Facciamola finita è uno dei film di cui ho avuto più difficoltà a parlare. Non perché si tratti di una pellicola così impegnativa. Ma va là. E non è nemmeno una visione fuori dalle mie corde. Tutt’altro. È una di quelle cazzatone che io prediligo e che in condizioni normali poteva offrirmi un sacco di spunti. Il problema è che l’ho visto prima di andare all’Oktoberfest, non ne ho scritto subito e poi, litri e litri e litri di birra dopo, i ricordi si sono fatti un po’ sfumati, ja. E con ricordi un po’ sfumati intendo: “Chi sono io? Qual è il mio nome? Da che pianeta provengo?” L’unica cosa che ricordavo dopo l’Oktoberfest era il nome del Presidente della Repubblica italiana. Quello non cambia da secoli.
Poi però mi sono detto “Facciamola finita e scriviamo un po’ ‘sto post su Faccimola finita!”. Lo so che le cose non vanno forzate e che prima o poi l’ispirazione viene da sola. Solo che, ancora un po’ che aspettavo, le possibilità di avere delle memorie decenti del film svanivano sempre più. Per riuscire a scriverne mi sono così armato di caffè, beveroni schifosi da post-hangover, un po’ di pazienza e ho provato a ripercorrere mentalmente la pellicola, stile Una notte da leoni.
Hey, un momento. Non cominciamo a fare confusione, che poi cerco di ricordarmi com’era Una notte da leoni, prima dei due orribili sequel realizzati e non la finiamo più.
Io invece voglio farla finita. Non con la mia vita. Non allarmatevi, o in alternativa non gioite. Voglio farla finita con questo film.
Partiamo allora dalle cose semplici: la trama. Di cosa parla, Facciamola finita?

Parla di Seth Rogen che va a prendere all’aeroporto il suo amico Jay Baruchel, di ritorno a Los Angeles con l’intenzione di passarsi qualche giorno in tranquillità a giocare ai videogame e a stonarsi di maria.
Maria?
No, per il momento no, grazie. Sono ancora in botta da birra.
Solo che poi Seth Rogen viene invitato a un party esclusivo a casa di James Franco e convince l’amico, che da bravo snob asociale non c’ha voglia di partecipare a una festa, ad andarci. E così i due si ritrovano nella villa di James Franco insieme a Rihanna, Emma Watson, Jonah Hill, Michael Cera, Mindy Kaling, Christopher Mintz-Plasse, Paul Rudd e altra gente. Fino a che, a un certo punto, arriva il finimondo. Non un semplice terremoto, che a L.A. sarebbe all’ordine del giorno. Capita proprio una fine del mondo. Così, di punto in bianco.

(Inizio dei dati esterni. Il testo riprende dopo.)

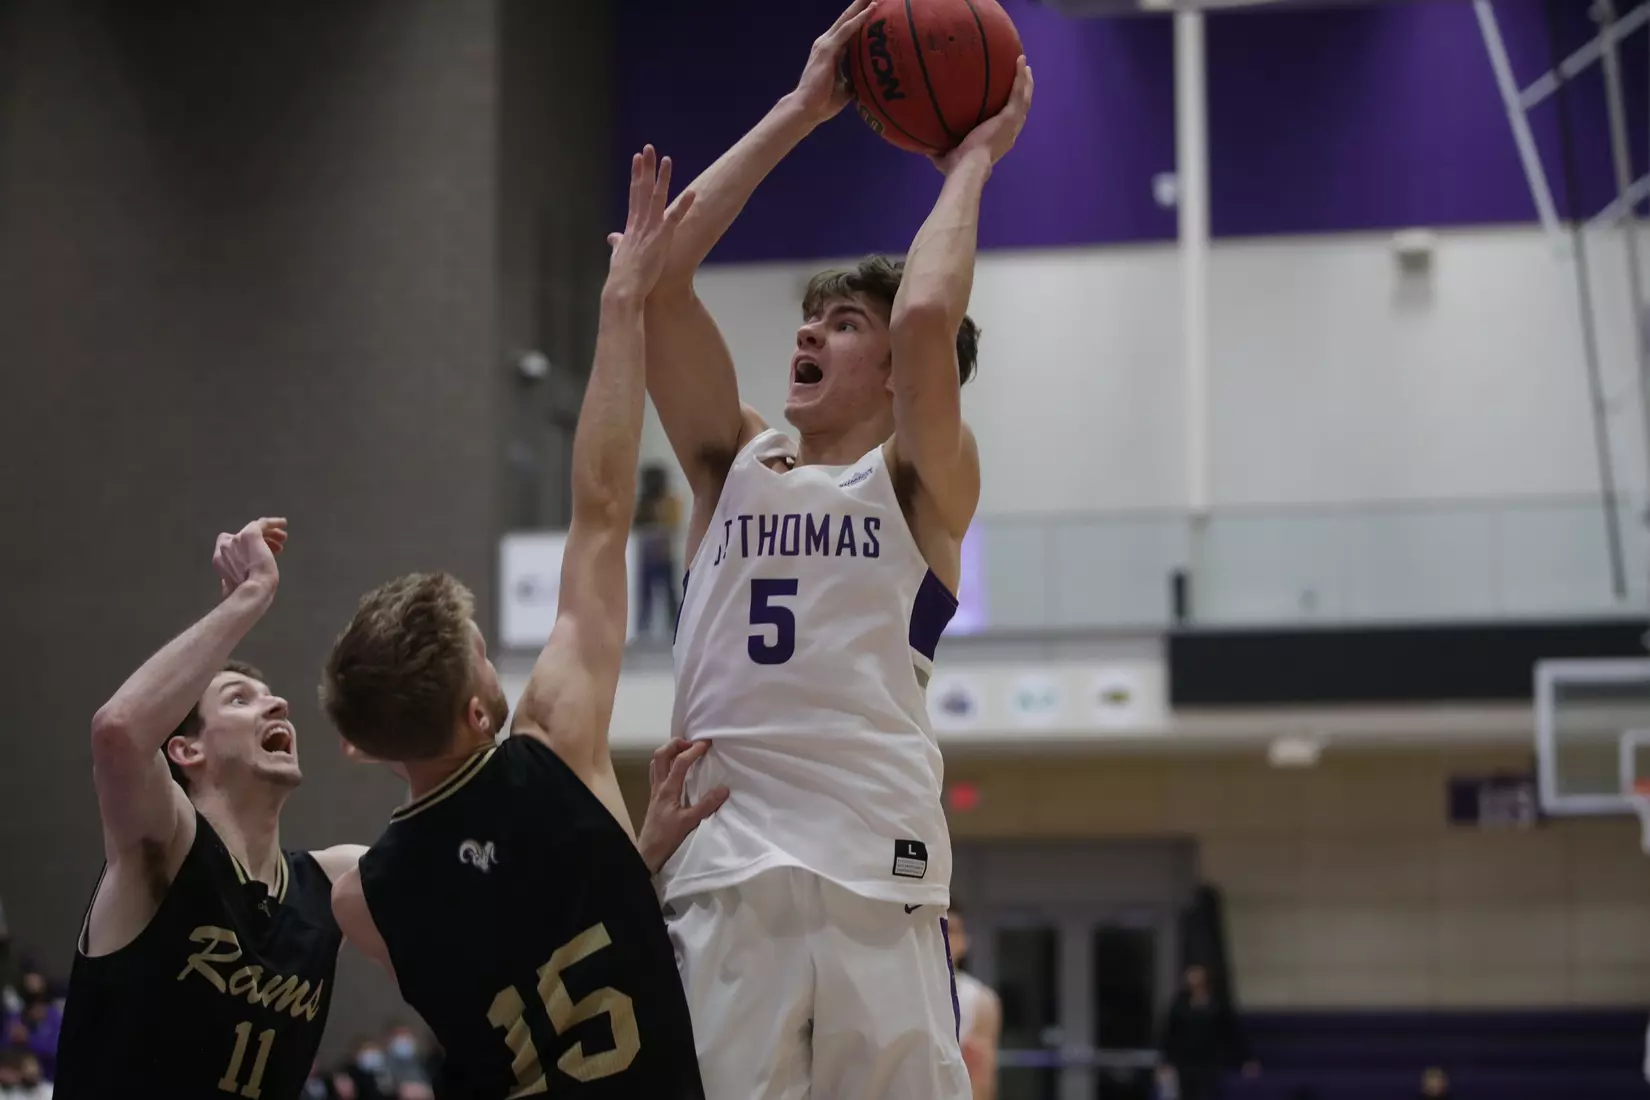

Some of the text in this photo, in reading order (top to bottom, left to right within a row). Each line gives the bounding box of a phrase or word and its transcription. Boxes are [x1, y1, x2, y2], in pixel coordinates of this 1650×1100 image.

"Calma Emma, non lo diciamo più che Harry Potter è una cagata pazzesca."
Lo spunto è geniale, non vi sembra?
No?
In effetti una fine del mondo oggi come oggi non è una cosa così strana, in un film. Però mi sono dimenticato di menzionarvi una cosa. Nella mia sbadataggine da hangover, non vi ho detto che non ho usato i nomi degli attori invece di quelli dei personaggi così, per rendervi più semplice l’identificazione. In questo film, gli attori sono proprio i personaggi. Seth Rogen è Seth Rogen. Jay Baruchel è Jay Baruchel. Emma Watson è Emma Watson, e Dio la benedica. Ognuno interpreta se stesso in quella che però è una versione un po’ finta e un po’ no di se stesso. Difficile capire quanto ci sia di vero e quanto meno. Michael Cera ad esempio pare che nella realtà sia un tipo tranquillissimo che non beve neanche e certo non è nemmeno un party boy, mentre qui fa il cocainomane sessuomane scatenato. I veri Seth Rogen e Jay Baruchel invece non è molto difficile immaginarli realmente dei cazzari fattoni quali appaiono nella pellicola. Craig Robinson, recentemente fermato alle Bahamas per possesso di marijuana, non parliamone. Insomma è un gran casino. Un gran miscuglio tra reality e fiction di cui parlavamo anche a proposito di Bling Ring e che ormai è diventata una consuetudine nel mondo di oggi. Con i vari social network, il confine tra VIP e "umani", tra persone e personaggi s'è fatto sempre più sottile.
È questa l’arma vincente, lo spunto fenomenale del film. La prima mezz’ora funziona così alla grande e appare tra le cose più originali viste di recente in ambito comedy. Se tutto fosse a questo livello, staremmo qui a parlare di un capolavoro e forse me lo ricorderei perfettamente nonostante tutta la birra bevuta nei giorni successivi. Peccato che il resto della pellicola, per quanto presenti qualche altro spunto e ideuzza non male, non sia tutto allo stesso livello. Dalle quasi 2 ore di durata, qualche scenetta non fenomenale sarebbe potuta essere lasciata fuori e in alcuni momenti sembra che a divertirsi siano più gli attori mentre recitano ognuno nei propri panni, più che noi spettatori a vederli.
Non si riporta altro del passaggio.